The debate over Guantanamo usually slides immediately into the moral dilemma of whether it’s permissible to abuse or “torture terrorists.” It’s an important debate but it obscures a basic flaw: many of them weren’t terrorists.
The moral contours become a bit different when the question becomes “Is it ok to torture people who aren’t terrorists?” Not that much fo a close call, is it? But it’s been very hard to get a real sense of whether non-terrorists were a rare exception caught up in the dragnet or a larger group.
That’s why this piece by Lawrence Wikerson is one of the most important essays I’ve seen in the last eight years on this topic. Read the whole piece. Wilkerson was chief of staff to former Secretary of State Colin Powell and therefore had a high level, inside perspective.
The gist is that many of those held at Guantanamo had no connection to terrorism, the administration knew that, and very little useful inteligence came out of the operation:

“No meaningful attempt at discrimination was made in-country by competent officials, civilian or military, as to who we were transporting to Cuba for detention and interrogation.

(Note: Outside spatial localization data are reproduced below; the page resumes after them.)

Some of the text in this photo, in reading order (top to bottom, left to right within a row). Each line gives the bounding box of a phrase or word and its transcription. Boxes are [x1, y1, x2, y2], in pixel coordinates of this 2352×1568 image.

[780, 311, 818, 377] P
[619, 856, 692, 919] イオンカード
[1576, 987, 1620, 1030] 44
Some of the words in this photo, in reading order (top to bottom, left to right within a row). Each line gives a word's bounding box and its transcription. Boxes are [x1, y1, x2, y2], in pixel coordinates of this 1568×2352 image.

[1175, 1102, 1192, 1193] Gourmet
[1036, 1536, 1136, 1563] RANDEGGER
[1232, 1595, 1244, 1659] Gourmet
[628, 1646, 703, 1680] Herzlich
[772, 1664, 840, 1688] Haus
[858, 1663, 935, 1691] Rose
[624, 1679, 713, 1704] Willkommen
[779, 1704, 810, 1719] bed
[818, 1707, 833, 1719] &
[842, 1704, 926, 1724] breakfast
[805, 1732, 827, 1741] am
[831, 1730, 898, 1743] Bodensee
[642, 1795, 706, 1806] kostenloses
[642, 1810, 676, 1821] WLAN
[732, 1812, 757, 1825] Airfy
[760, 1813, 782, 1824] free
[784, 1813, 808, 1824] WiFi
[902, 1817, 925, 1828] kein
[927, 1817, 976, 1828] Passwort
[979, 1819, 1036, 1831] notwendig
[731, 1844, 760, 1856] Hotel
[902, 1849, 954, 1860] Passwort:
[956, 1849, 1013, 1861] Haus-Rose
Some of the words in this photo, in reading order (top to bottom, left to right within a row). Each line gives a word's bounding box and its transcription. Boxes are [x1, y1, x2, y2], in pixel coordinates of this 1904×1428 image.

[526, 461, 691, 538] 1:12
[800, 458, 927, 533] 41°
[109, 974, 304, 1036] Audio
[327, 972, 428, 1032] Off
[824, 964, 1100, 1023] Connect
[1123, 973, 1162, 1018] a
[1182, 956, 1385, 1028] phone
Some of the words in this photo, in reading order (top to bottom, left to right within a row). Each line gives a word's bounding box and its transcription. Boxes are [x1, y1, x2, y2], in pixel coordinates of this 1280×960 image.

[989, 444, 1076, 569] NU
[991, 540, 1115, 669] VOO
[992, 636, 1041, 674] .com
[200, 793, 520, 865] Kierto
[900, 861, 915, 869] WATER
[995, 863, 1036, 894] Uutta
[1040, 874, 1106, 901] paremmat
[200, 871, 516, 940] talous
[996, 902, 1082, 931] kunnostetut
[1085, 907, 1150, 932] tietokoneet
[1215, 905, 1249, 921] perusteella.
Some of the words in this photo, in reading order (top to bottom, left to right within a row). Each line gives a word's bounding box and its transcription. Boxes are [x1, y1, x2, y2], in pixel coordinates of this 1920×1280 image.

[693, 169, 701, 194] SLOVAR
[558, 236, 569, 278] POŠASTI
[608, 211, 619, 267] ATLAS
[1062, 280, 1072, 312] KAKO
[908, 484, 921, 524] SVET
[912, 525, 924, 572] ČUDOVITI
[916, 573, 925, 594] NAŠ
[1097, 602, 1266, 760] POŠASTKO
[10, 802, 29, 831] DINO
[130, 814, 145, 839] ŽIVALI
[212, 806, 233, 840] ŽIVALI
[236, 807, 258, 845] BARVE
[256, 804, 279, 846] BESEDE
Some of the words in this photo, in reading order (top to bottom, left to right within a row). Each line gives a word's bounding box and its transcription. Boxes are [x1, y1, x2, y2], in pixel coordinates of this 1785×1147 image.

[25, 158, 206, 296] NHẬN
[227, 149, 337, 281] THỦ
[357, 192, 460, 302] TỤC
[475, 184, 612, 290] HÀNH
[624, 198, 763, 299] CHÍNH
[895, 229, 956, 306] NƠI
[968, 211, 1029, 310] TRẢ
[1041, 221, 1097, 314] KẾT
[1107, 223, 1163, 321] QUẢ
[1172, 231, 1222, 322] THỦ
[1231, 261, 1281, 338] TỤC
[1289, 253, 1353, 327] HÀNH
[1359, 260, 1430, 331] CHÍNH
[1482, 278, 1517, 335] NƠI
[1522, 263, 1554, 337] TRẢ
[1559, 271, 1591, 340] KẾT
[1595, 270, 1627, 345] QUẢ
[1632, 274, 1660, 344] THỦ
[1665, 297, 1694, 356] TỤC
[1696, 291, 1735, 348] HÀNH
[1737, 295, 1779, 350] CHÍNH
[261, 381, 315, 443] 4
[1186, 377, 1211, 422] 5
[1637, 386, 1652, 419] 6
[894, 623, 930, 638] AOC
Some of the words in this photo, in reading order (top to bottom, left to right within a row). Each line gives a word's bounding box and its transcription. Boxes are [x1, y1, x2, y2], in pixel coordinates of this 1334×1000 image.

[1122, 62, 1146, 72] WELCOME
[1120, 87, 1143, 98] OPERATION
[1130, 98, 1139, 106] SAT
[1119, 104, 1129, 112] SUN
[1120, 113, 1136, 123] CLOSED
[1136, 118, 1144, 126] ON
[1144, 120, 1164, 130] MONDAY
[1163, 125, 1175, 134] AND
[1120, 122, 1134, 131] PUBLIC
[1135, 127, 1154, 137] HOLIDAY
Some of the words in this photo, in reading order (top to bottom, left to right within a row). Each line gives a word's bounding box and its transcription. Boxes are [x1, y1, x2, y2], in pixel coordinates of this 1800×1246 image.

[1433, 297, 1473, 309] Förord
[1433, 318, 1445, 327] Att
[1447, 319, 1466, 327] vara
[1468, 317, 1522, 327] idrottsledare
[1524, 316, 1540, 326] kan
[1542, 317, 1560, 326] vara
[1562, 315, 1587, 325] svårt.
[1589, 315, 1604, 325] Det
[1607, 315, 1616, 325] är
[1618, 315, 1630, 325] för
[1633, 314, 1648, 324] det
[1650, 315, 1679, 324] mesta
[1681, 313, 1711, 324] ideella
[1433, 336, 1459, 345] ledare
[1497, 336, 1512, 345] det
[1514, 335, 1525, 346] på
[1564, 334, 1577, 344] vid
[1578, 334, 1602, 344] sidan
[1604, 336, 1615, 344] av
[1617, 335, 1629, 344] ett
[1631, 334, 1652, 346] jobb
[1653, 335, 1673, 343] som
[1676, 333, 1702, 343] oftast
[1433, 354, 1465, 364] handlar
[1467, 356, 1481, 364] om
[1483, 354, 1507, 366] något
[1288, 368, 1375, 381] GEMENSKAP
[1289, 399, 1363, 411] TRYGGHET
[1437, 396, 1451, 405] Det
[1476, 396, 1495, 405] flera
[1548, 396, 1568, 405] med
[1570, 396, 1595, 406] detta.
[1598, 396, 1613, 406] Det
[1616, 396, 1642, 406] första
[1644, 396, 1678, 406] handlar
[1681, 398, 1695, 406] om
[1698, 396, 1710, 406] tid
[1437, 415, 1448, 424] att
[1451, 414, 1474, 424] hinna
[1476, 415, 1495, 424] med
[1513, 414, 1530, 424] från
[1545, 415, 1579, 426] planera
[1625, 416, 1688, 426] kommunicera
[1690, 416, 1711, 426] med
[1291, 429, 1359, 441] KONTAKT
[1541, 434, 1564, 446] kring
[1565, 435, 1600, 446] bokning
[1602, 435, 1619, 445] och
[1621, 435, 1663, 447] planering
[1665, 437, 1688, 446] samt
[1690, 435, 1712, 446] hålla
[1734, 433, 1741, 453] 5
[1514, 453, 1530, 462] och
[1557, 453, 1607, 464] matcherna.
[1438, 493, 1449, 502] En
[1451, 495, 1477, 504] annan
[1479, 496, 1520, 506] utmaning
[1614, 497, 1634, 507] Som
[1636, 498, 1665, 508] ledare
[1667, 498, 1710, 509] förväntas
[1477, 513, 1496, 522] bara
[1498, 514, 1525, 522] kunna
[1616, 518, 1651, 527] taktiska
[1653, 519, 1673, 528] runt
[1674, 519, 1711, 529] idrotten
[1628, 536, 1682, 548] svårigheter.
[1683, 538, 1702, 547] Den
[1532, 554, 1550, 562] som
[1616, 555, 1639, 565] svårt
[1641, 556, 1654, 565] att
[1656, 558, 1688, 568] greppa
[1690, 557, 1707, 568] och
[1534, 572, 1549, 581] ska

This was a factor of having too few troops in the combat zone, of the troops and civilians who were there having too few people trained and skilled in such vetting, and of the incredible pressure coming down from Secretary of Defense Donald Rumsfeld and others to “just get the bastards to the interrogators”….
Several in the U.S. leadership became aware of this lack of proper vetting very early on and, thus, of the reality that many of the detainees were innocent of any substantial wrongdoing, had little intelligence value, and should be immediately released. …The fact that among the detainees was a 13 year-old boy and a man over 90, did not seem to faze either man, initially at least….
[“Mosaic philosophy”] held that it did not matter if a detainee were innocent. Indeed, because he lived in Afghanistan and was captured on or near the battle area, he must know something of importance (this general philosophy, in an even cruder form, prevailed in Iraq as well, helping to produce the nightmare at Abu Ghraib). All that was necessary was to extract everything possible from him and others like him, assemble it all in a computer program, and then look for cross-connections and serendipitous incidentals–in short, to have sufficient information about a village, a region, or a group of individuals, that dots could be connected and terrorists or their plots could be identified.

Thus, as many people as possible had to be kept in detention for as long as possible to allow this philosophy of intelligence gathering to work. The detainees’ innocence was inconsequential. After all, they were ignorant peasants for the most part and mostly Muslim to boot….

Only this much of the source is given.